The whole American dream was always about petroleum exploitation and overconsumption. It will come to an eventual end.

Actually, probably not  (come to an end).  There is an awful lot of oil out there.  At best,we have consumed perhaps 18% of the planet's oil. 

And there are large savings in oil use for transport to be had.  I invite readers to consider the Interstate linking the Port of Baltimore to the city of Morgantown, West Virginia. That run is about 212 miles and a major truck route into the Midwest from the Port.
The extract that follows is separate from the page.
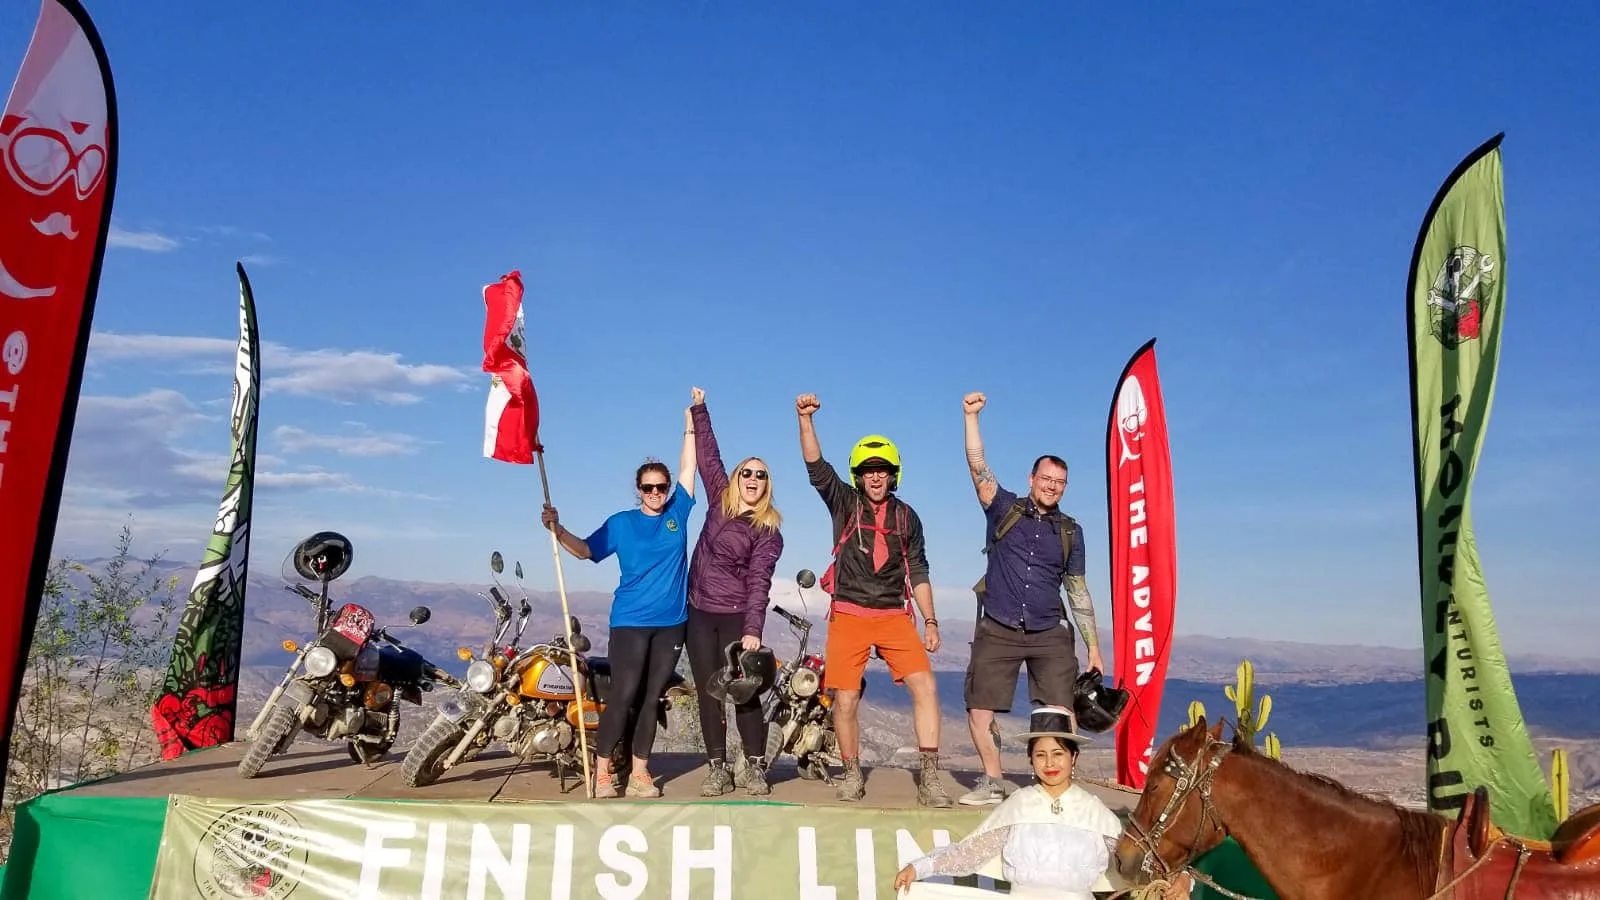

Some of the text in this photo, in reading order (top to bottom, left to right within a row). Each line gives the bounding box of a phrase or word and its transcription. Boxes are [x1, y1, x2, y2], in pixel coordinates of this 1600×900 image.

I did a little study on that route and discovered that some 40% of the fuel burn was over only 30,000 feet of Interstate 68.  Now, how is this?  Take a look at an elevation map and you will see these six giant ridges that the road goes up and down, then go stand on the roadside and listen to those big truck engines just groaning in low gear and they try to mash their way up those grades.  The fuel flow is a total river at that point. 

OK, so now what the govt does is build tunnels, with an internal grade of no more than 0.9%, so those heavy trucks can run in top gear at 55.  Instead of blowing fuel going up and down, now you just coast along.  Build 100 tunnels through the 100 highest-volume mountain grades and there goes some 40% of America's road transport fuel use. 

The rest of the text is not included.